The Impact of Researchers on Our Data

Published: 2020-05-29
Last Updated: 2020-05-29 17:07:56 UTC
by Johannes Ullrich (Version: 1)
1 comment(s)

Researchers have been using various tools to perform internet-wide scans for many years. Some will publish data continuously to either notify users of infected or misconfigured systems. Others will use the data to feed internal proprietary systems, or publish occasional research papers.

We have been offering a feed of IP addresses used by researchers. This feed is available via our API. To get the complete list, use:

https://isc.sans.edu/api/threatcategory/research
(add ?json or ?tab to get it in JSON or a tab delimited format)

We also have feeds for specific research groups (see https://isc.sans.edu/api ). 

Some of the research groups I have seen recently:

  • Shodan: Probably the best-known group. Shodan publishes the results of its scans at shodan.io.
  • Shadowserver: Also relatively well known. Shadowserver doesn't make much of its data public. But it will make data available to ISPs to flag vulnerable/infected systems. You can find more about shadowserver at https://www.shadowserver.org/
  • Strechoid: I just recently came across this group, and do not know much about them. They have a very minimal web page with an opt-out form: http://www.stretchoid.com/
  • Onyphe: A company selling threat feeds. See https://www.onyphe.io/
  • CyberGreen: See https://www.cybergreen.net/ . A bit like Shadowserver in that it is organized as a not-for-profit collaborative effort. Some data is made public, but more in aggregate form.

The next question: Should you block these IP addresses? Well... my simple honest answer: Probably not, but it all depends.
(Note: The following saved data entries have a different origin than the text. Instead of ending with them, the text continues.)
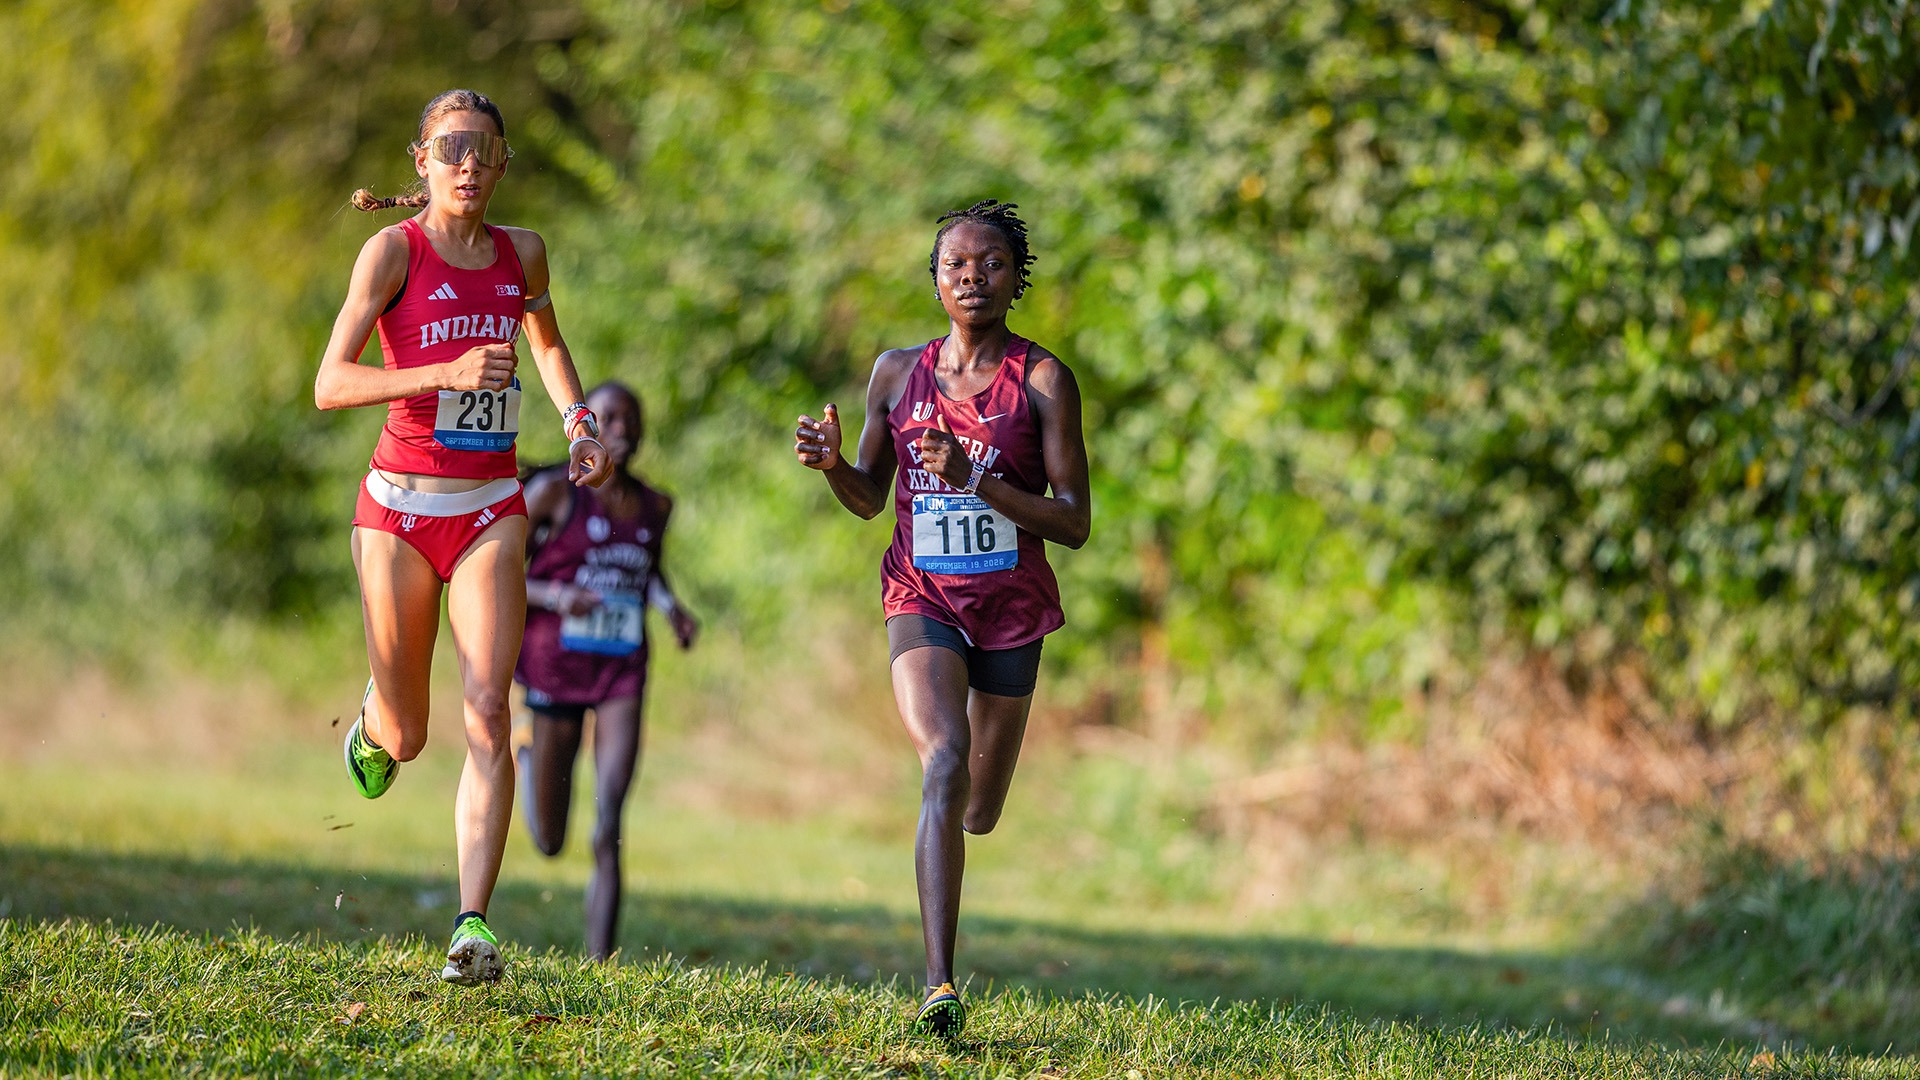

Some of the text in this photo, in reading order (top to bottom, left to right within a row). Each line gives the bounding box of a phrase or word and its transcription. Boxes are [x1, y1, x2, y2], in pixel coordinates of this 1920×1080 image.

[456, 391, 507, 431] 231
[445, 437, 484, 446] SEPTEMBER
[907, 435, 1001, 469] EERN
[929, 498, 945, 510] JM
[936, 514, 995, 554] 116
[926, 562, 967, 570] SEPTEMBER
Shodan for example (I put them in the research category) will publish the data it collects, and an attacker may now use Shodan to find a vulnerable system instead of performing their own scan. There are anecdotal stories of that happening, and I have seen pentesters do this. But we had a SANS Technology Institute student perform some research to find the impact of Shodan and he did not find a significant change in attack traffic depending on if an IP was listed or not [1]. On the other hand, he also found that many IP addresses that appear to be used by Shodan are not identified as such via a reverse DNS lookup. Our list will likely miss a lot of them.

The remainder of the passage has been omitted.